─── The data

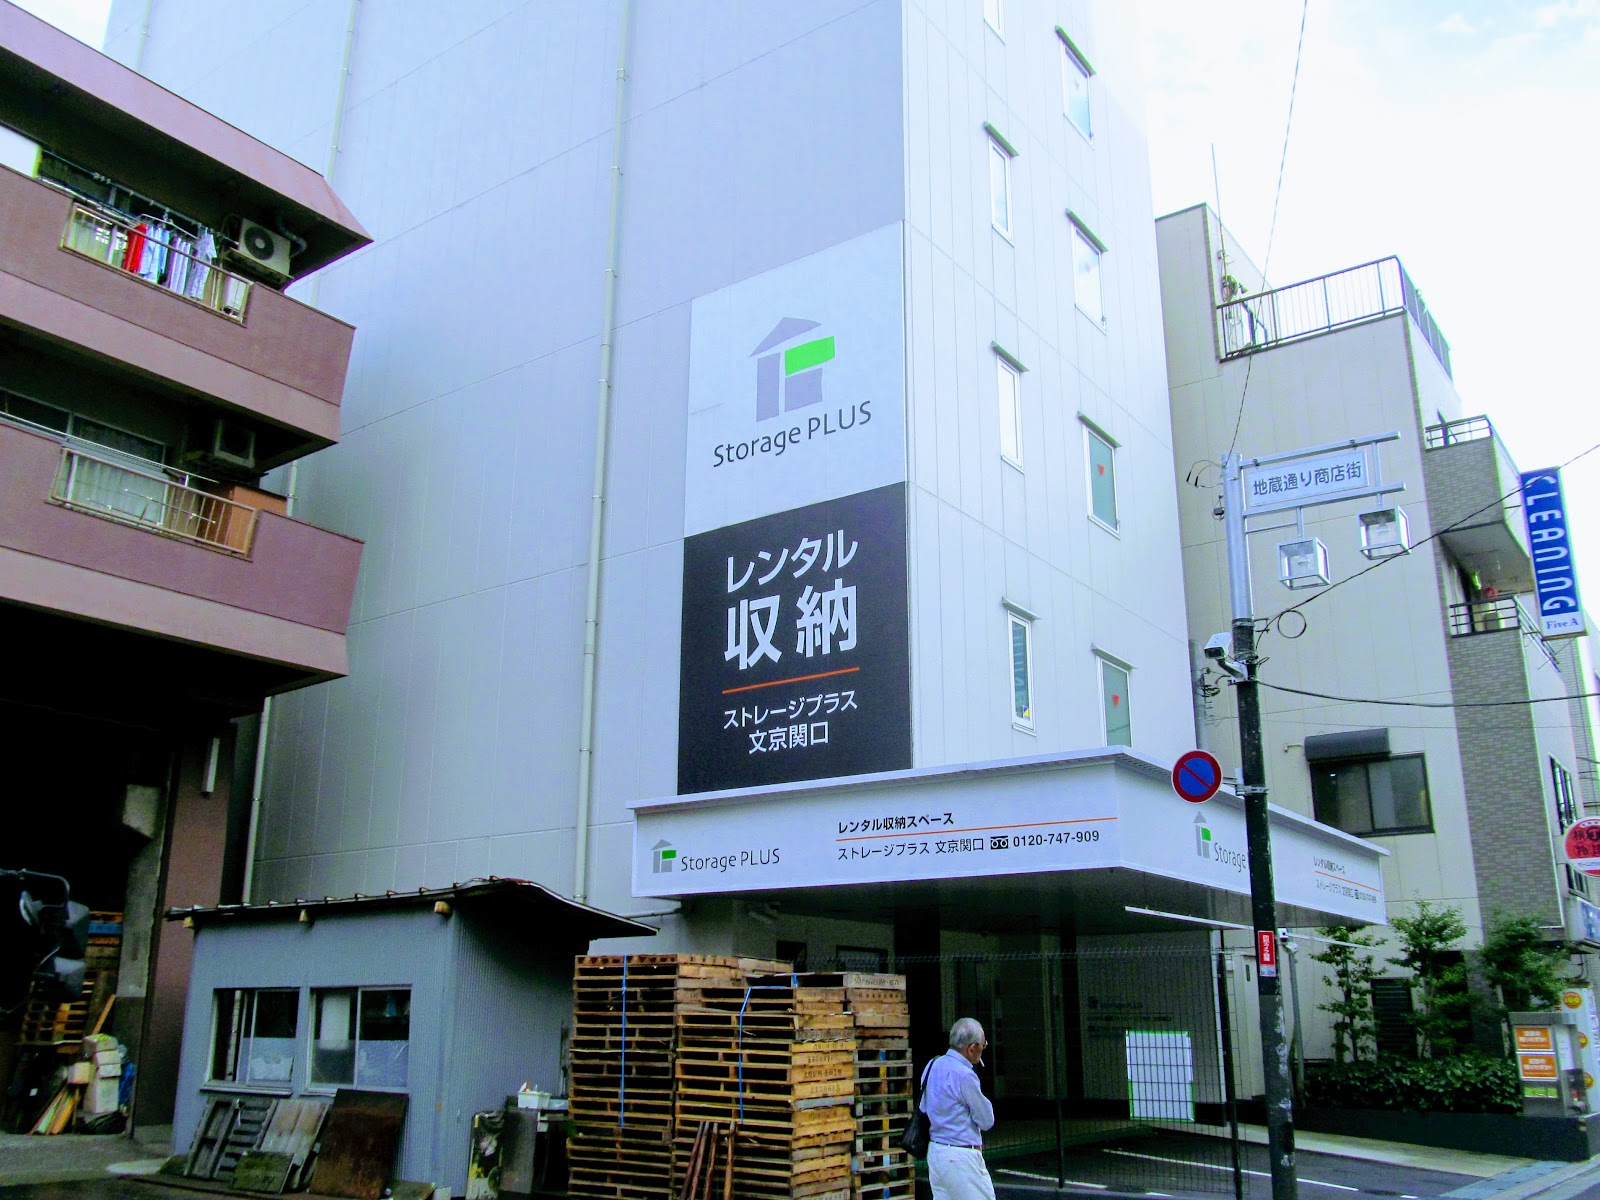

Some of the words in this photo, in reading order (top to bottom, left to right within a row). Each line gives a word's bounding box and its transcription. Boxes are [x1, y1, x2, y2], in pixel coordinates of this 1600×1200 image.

[713, 427, 801, 467] Storage
[808, 400, 872, 440] PLUS
[1253, 461, 1361, 496] 地蔵通り商店街
[1525, 475, 1576, 611] CLEANING
[727, 529, 859, 593] レンタル
[724, 578, 857, 670] 収納
[1546, 620, 1568, 630] Five
[1570, 618, 1580, 627] A
[723, 690, 858, 729] ストレージプラス
[748, 721, 829, 755] 文京関口
[838, 812, 955, 834] レンタル収納スペース
[681, 854, 737, 872] Storage
[740, 848, 780, 867] PLUS
[838, 842, 931, 860] ストレージプラス
[935, 838, 984, 855] 文京関口
[1013, 830, 1100, 848] 0120-747-909
[1214, 842, 1246, 873] Storage

──────

Task brief | Restate the records word for word and drop the images.

Answer for this exercise |
Some of the words in this photo, in reading order (top to bottom, left to right within a row). Each line gives a word's bounding box and its transcription. Boxes are [x1, y1, x2, y2], in pixel coordinates of this 1600×1200 image.

[713, 427, 801, 467] Storage
[808, 400, 872, 440] PLUS
[1253, 461, 1361, 496] 地蔵通り商店街
[1525, 475, 1576, 611] CLEANING
[727, 529, 859, 593] レンタル
[724, 578, 857, 670] 収納
[1546, 620, 1568, 630] Five
[1570, 618, 1580, 627] A
[723, 690, 858, 729] ストレージプラス
[748, 721, 829, 755] 文京関口
[838, 812, 955, 834] レンタル収納スペース
[681, 854, 737, 872] Storage
[740, 848, 780, 867] PLUS
[838, 842, 931, 860] ストレージプラス
[935, 838, 984, 855] 文京関口
[1013, 830, 1100, 848] 0120-747-909
[1214, 842, 1246, 873] Storage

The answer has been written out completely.